That’s an interesting perspective on it. My approach to it is I encourage people to do it anyway. If what you love to do doesn’t bring you money, the fact that it still brings you happiness means that it brings you energy and that energy is something that you need to be successful in whatever you’re doing. I think a lot of the time people make a false choice that, “If I don’t make money at it, that means I shouldn’t do it. I need to do something else that will pay my bills, etc.” Why are they mutually exclusive? There’s nothing wrong with having an avocation or having a hobby that fills me up, gives me a creative expression that lights my fire. That’s going to transfer what I do to make money and maybe even will make that more enjoyable.
The angle of doing what you love because it gives you the energy to continue doing other things, that’s great. There’s a business angle though too. If you think about the definition of a brand, everybody has probably heard the term, “You are your brand.” Whether you worked for IBM or Microsoft at the end of the day, it’s Steve Farber and Dr. Pelè. We are brands. If you think about what your brand is, your brand is the authentic expression of everything that you are. If you want people to truly connect with you authentically, fall in love with your brand online, you’ve got to bring your whole self. You can’t leave stuff behind. If you want to do music, use it as part of your brand marketing. What happens is you may not be selling records the traditional way.

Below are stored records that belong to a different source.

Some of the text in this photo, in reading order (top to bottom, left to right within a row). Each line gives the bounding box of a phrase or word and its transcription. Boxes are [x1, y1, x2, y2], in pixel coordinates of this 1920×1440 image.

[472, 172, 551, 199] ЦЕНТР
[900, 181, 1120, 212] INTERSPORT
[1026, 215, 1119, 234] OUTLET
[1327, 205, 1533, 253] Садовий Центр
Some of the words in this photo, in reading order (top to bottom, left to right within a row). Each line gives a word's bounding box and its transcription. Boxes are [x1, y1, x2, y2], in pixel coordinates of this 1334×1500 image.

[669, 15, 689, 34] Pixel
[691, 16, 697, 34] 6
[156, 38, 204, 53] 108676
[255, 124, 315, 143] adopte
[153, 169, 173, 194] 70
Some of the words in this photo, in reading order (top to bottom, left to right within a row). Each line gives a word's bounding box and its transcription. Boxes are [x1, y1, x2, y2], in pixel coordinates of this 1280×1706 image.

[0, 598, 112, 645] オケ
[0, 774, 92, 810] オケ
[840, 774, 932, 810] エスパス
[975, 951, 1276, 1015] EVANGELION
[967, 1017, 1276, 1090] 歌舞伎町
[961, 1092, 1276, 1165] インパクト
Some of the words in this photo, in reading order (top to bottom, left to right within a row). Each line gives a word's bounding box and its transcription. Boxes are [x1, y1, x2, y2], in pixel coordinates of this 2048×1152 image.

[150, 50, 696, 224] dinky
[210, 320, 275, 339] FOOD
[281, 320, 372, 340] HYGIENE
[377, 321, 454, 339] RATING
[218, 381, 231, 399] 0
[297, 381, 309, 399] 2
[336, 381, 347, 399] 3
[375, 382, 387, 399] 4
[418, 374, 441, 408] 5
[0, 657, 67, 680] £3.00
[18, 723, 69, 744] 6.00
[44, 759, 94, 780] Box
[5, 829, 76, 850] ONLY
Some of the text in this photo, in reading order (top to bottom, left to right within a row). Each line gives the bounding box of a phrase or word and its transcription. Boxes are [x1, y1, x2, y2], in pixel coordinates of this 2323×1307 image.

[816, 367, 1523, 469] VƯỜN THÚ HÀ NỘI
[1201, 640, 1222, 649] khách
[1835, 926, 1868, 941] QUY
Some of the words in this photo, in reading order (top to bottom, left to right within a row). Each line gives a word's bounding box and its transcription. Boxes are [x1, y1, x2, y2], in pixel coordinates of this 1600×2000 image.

You’re not going to be the next Michael Jackson, Prince or Stevie Wonder, that’s fine. You’re going to be the strangest person anybody ever saw because here’s a leadership development guru like Steve Farber playing the guitar. I want to talk to this guy. He makes me happy. Dr. Pelè who’s doing this stuff, but he plays music too. That differentiation factor is a powerful brand marketing move. I would not encourage anyone who can’t find a direct connection from their love, hobby, or talent to money to drop it. I would say, “Bring what you are and help use it to help people fall in love with your brand.”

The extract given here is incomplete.